=== Section Start ===

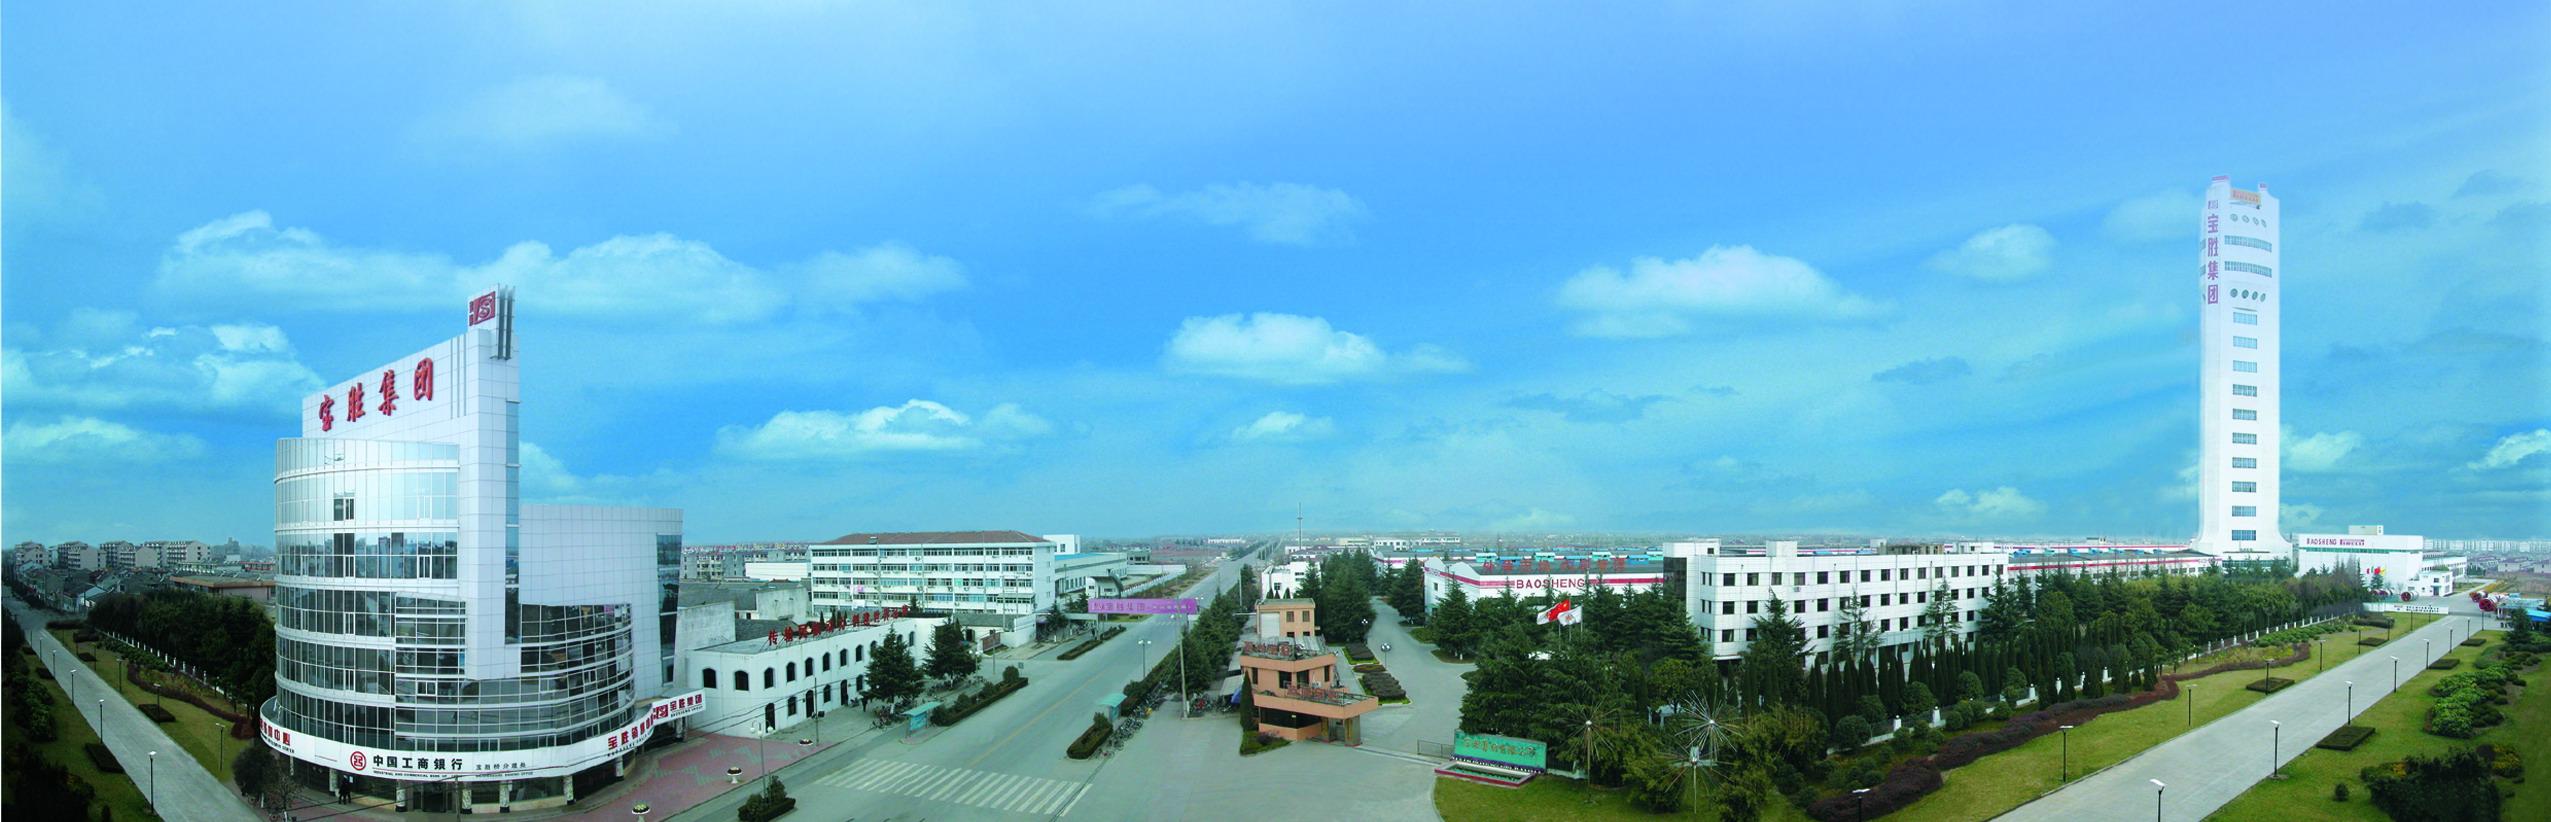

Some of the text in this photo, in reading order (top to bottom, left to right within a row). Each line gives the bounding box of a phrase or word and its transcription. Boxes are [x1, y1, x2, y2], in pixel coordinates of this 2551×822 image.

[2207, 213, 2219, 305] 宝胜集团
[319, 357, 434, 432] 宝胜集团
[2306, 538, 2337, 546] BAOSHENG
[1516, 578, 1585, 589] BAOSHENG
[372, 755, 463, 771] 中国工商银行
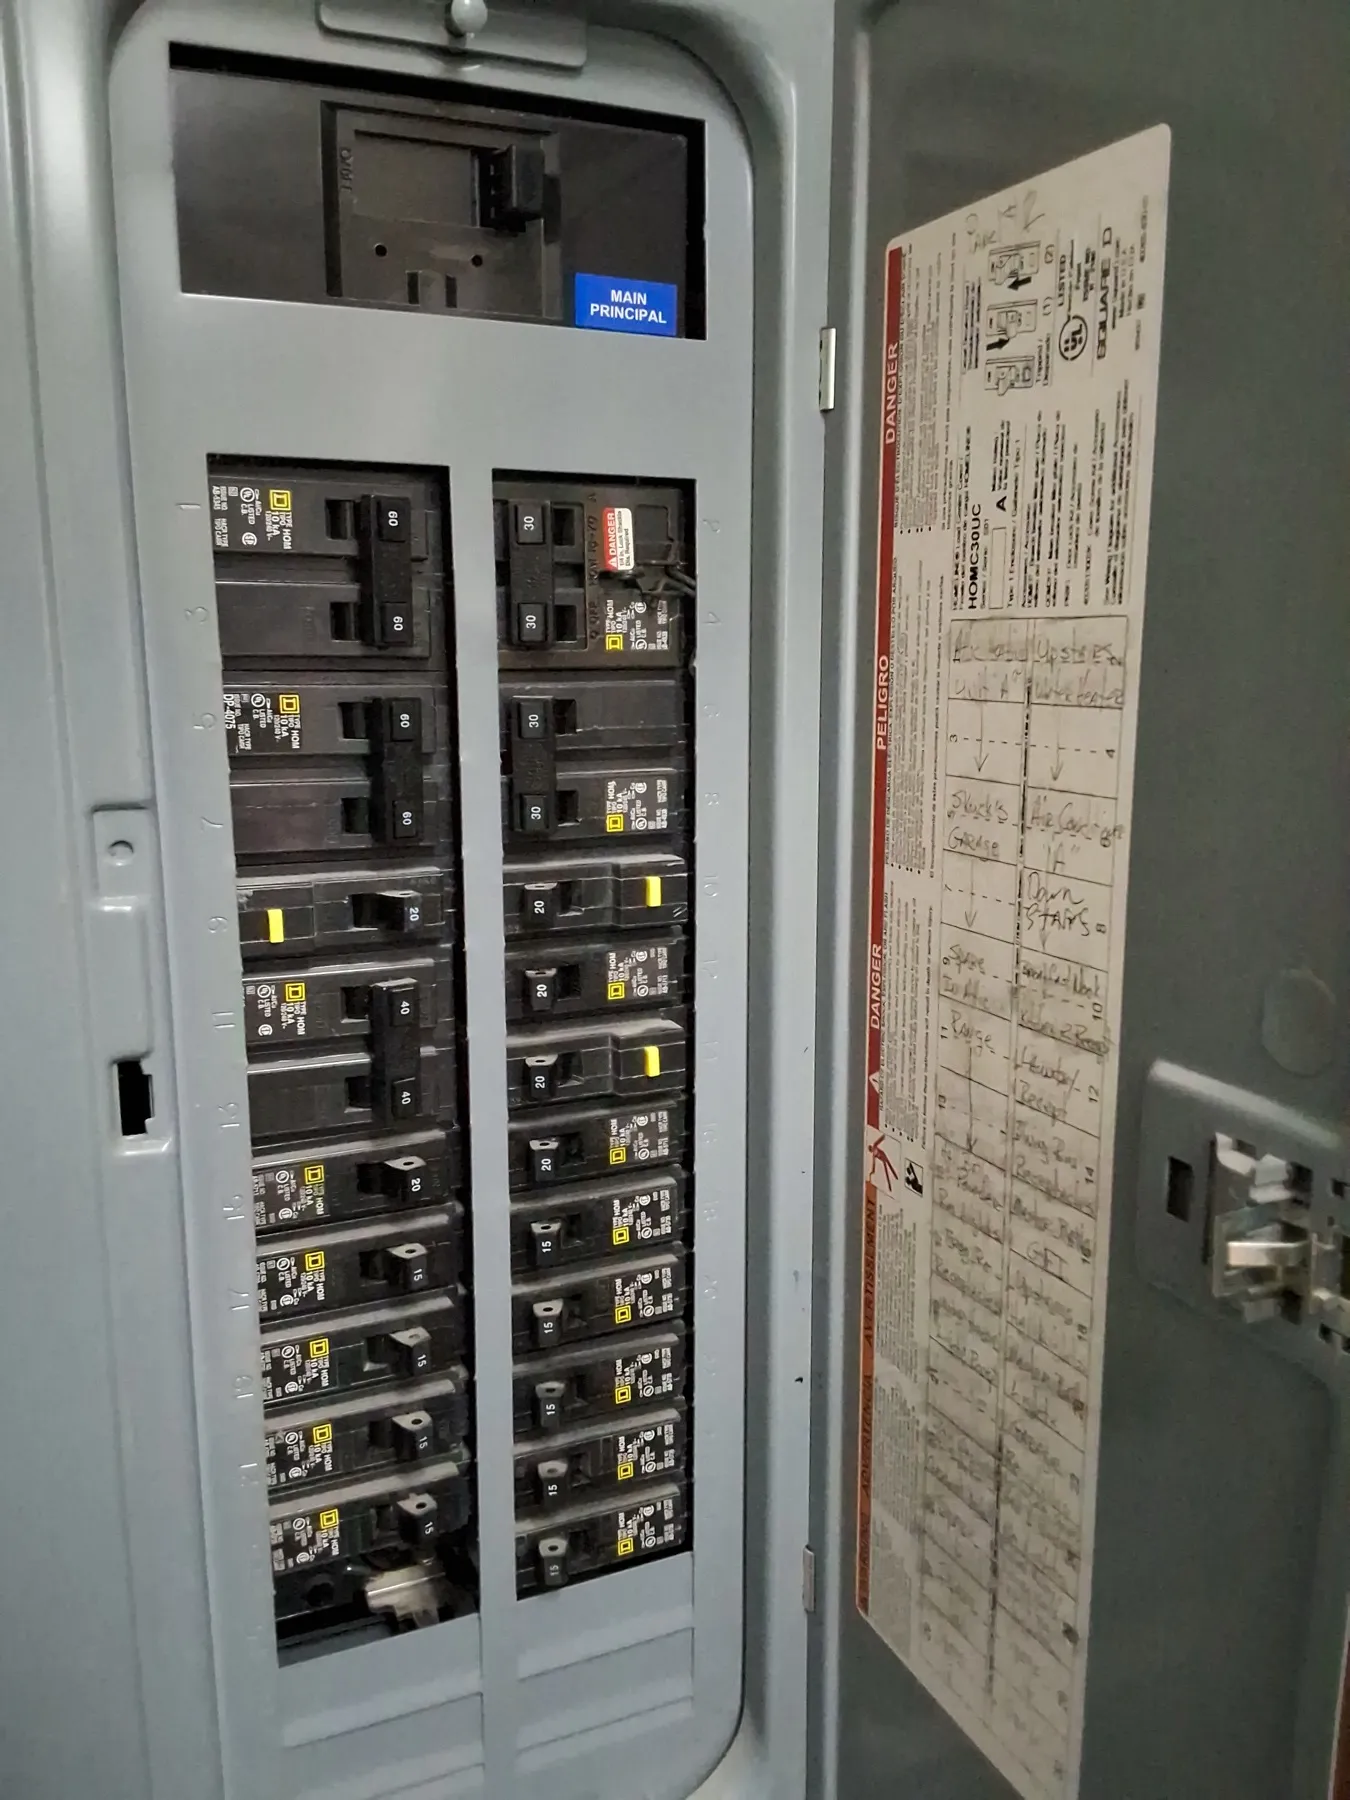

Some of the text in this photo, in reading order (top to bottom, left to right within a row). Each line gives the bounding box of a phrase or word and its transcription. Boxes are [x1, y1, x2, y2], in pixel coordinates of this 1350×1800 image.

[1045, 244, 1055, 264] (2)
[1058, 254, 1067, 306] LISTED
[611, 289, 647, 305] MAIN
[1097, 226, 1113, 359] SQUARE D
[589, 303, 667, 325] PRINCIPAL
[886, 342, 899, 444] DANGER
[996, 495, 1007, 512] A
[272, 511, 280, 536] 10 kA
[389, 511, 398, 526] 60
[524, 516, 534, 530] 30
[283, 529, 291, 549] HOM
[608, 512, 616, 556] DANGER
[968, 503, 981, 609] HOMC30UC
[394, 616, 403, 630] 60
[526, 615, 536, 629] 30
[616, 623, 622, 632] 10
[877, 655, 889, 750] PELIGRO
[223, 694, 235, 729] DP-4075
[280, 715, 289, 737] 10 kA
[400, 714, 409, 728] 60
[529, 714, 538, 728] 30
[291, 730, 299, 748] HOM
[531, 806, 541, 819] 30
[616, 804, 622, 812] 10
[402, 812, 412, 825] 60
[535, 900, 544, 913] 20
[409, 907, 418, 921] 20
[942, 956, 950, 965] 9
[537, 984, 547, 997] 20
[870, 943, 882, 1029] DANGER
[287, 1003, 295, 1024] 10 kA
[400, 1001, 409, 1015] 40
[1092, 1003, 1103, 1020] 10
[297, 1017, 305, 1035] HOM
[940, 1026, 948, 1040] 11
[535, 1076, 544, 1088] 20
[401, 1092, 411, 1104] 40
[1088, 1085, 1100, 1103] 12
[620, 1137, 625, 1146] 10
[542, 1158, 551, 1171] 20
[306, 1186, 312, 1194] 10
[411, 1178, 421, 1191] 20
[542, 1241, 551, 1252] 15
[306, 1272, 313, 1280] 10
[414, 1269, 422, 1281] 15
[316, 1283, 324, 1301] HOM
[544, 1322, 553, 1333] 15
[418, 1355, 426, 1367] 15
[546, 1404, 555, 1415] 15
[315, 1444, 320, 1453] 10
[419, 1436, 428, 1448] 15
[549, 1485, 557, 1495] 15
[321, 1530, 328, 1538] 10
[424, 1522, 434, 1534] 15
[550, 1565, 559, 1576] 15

=== Section End ===

Problem to work on | Each entry above is to be written out again unchanged, apart from the pictures, which are left out.

Response |
Some of the text in this photo, in reading order (top to bottom, left to right within a row). Each line gives the bounding box of a phrase or word and its transcription. Boxes are [x1, y1, x2, y2], in pixel coordinates of this 2551×822 image.

[2207, 213, 2219, 305] 宝胜集团
[319, 357, 434, 432] 宝胜集团
[2306, 538, 2337, 546] BAOSHENG
[1516, 578, 1585, 589] BAOSHENG
[372, 755, 463, 771] 中国工商银行

Some of the text in this photo, in reading order (top to bottom, left to right within a row). Each line gives the bounding box of a phrase or word and its transcription. Boxes are [x1, y1, x2, y2], in pixel coordinates of this 1350×1800 image.

[1045, 244, 1055, 264] (2)
[1058, 254, 1067, 306] LISTED
[611, 289, 647, 305] MAIN
[1097, 226, 1113, 359] SQUARE D
[589, 303, 667, 325] PRINCIPAL
[886, 342, 899, 444] DANGER
[996, 495, 1007, 512] A
[272, 511, 280, 536] 10 kA
[389, 511, 398, 526] 60
[524, 516, 534, 530] 30
[283, 529, 291, 549] HOM
[608, 512, 616, 556] DANGER
[968, 503, 981, 609] HOMC30UC
[394, 616, 403, 630] 60
[526, 615, 536, 629] 30
[616, 623, 622, 632] 10
[877, 655, 889, 750] PELIGRO
[223, 694, 235, 729] DP-4075
[280, 715, 289, 737] 10 kA
[400, 714, 409, 728] 60
[529, 714, 538, 728] 30
[291, 730, 299, 748] HOM
[531, 806, 541, 819] 30
[616, 804, 622, 812] 10
[402, 812, 412, 825] 60
[535, 900, 544, 913] 20
[409, 907, 418, 921] 20
[942, 956, 950, 965] 9
[537, 984, 547, 997] 20
[870, 943, 882, 1029] DANGER
[287, 1003, 295, 1024] 10 kA
[400, 1001, 409, 1015] 40
[1092, 1003, 1103, 1020] 10
[297, 1017, 305, 1035] HOM
[940, 1026, 948, 1040] 11
[535, 1076, 544, 1088] 20
[401, 1092, 411, 1104] 40
[1088, 1085, 1100, 1103] 12
[620, 1137, 625, 1146] 10
[542, 1158, 551, 1171] 20
[306, 1186, 312, 1194] 10
[411, 1178, 421, 1191] 20
[542, 1241, 551, 1252] 15
[306, 1272, 313, 1280] 10
[414, 1269, 422, 1281] 15
[316, 1283, 324, 1301] HOM
[544, 1322, 553, 1333] 15
[418, 1355, 426, 1367] 15
[546, 1404, 555, 1415] 15
[315, 1444, 320, 1453] 10
[419, 1436, 428, 1448] 15
[549, 1485, 557, 1495] 15
[321, 1530, 328, 1538] 10
[424, 1522, 434, 1534] 15
[550, 1565, 559, 1576] 15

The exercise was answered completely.